| WHAT TO DO |
Your copy should match the entries exactly, with no images carried over.

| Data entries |

----

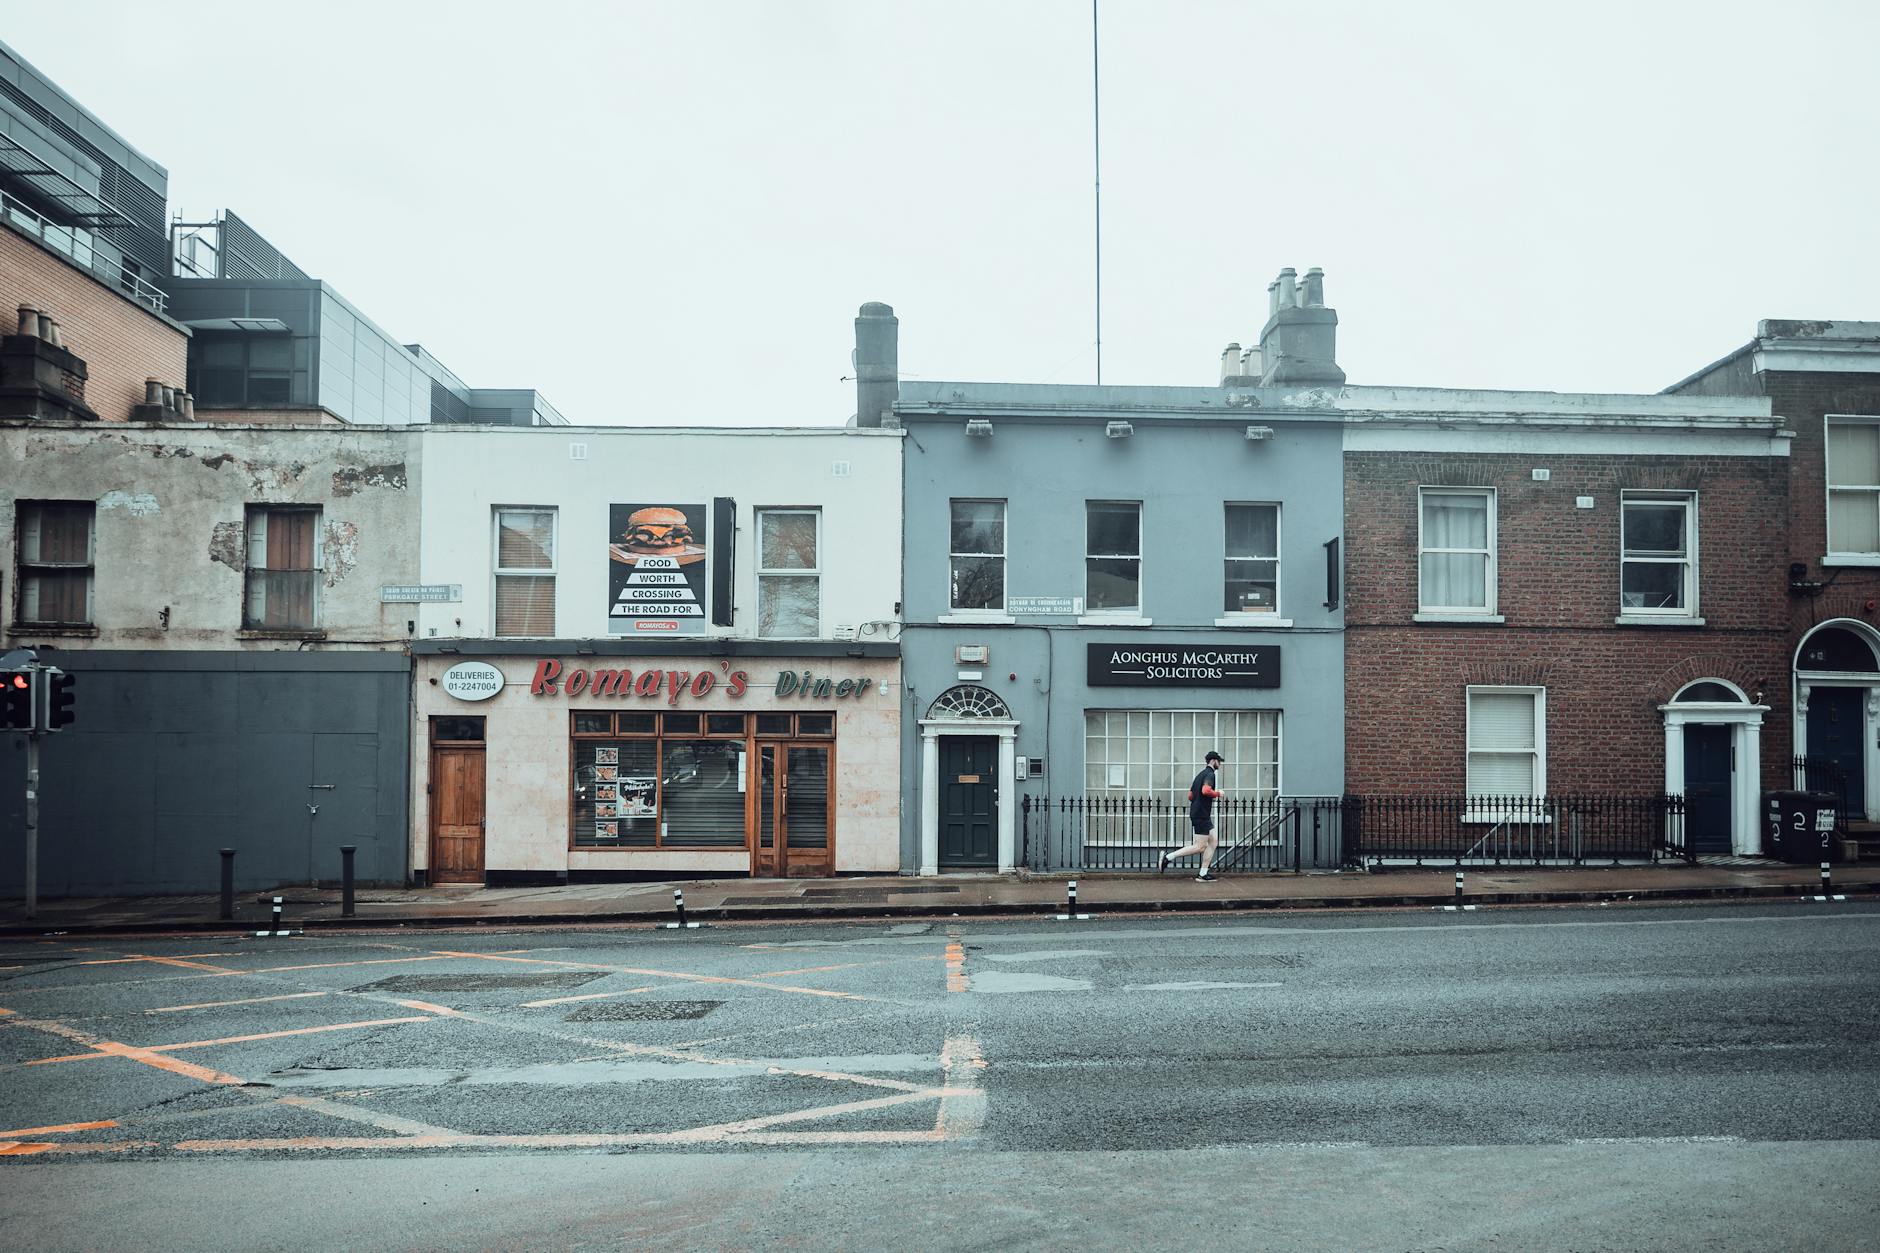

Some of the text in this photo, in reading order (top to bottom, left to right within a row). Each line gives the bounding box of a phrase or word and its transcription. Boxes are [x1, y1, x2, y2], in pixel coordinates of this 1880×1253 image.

[643, 559, 671, 567] FOOD
[639, 575, 676, 583] WORTH
[632, 590, 682, 598] CROSSING
[622, 605, 692, 613] THE ROAD FOR
[1110, 651, 1178, 664] AONGHUS
[450, 671, 495, 680] DELIVERIES
[1146, 666, 1222, 679] SOLICITORS
[448, 682, 496, 691] 01-2247004
[530, 658, 873, 705] Romayo's Diner
[1793, 812, 1806, 831] 2
[1772, 823, 1781, 842] 2
[1821, 832, 1829, 848] 2

----

| WRITTEN REPLY |
Some of the text in this photo, in reading order (top to bottom, left to right within a row). Each line gives the bounding box of a phrase or word and its transcription. Boxes are [x1, y1, x2, y2], in pixel coordinates of this 1880×1253 image.

[643, 559, 671, 567] FOOD
[639, 575, 676, 583] WORTH
[632, 590, 682, 598] CROSSING
[622, 605, 692, 613] THE ROAD FOR
[1110, 651, 1178, 664] AONGHUS
[450, 671, 495, 680] DELIVERIES
[1146, 666, 1222, 679] SOLICITORS
[448, 682, 496, 691] 01-2247004
[530, 658, 873, 705] Romayo's Diner
[1793, 812, 1806, 831] 2
[1772, 823, 1781, 842] 2
[1821, 832, 1829, 848] 2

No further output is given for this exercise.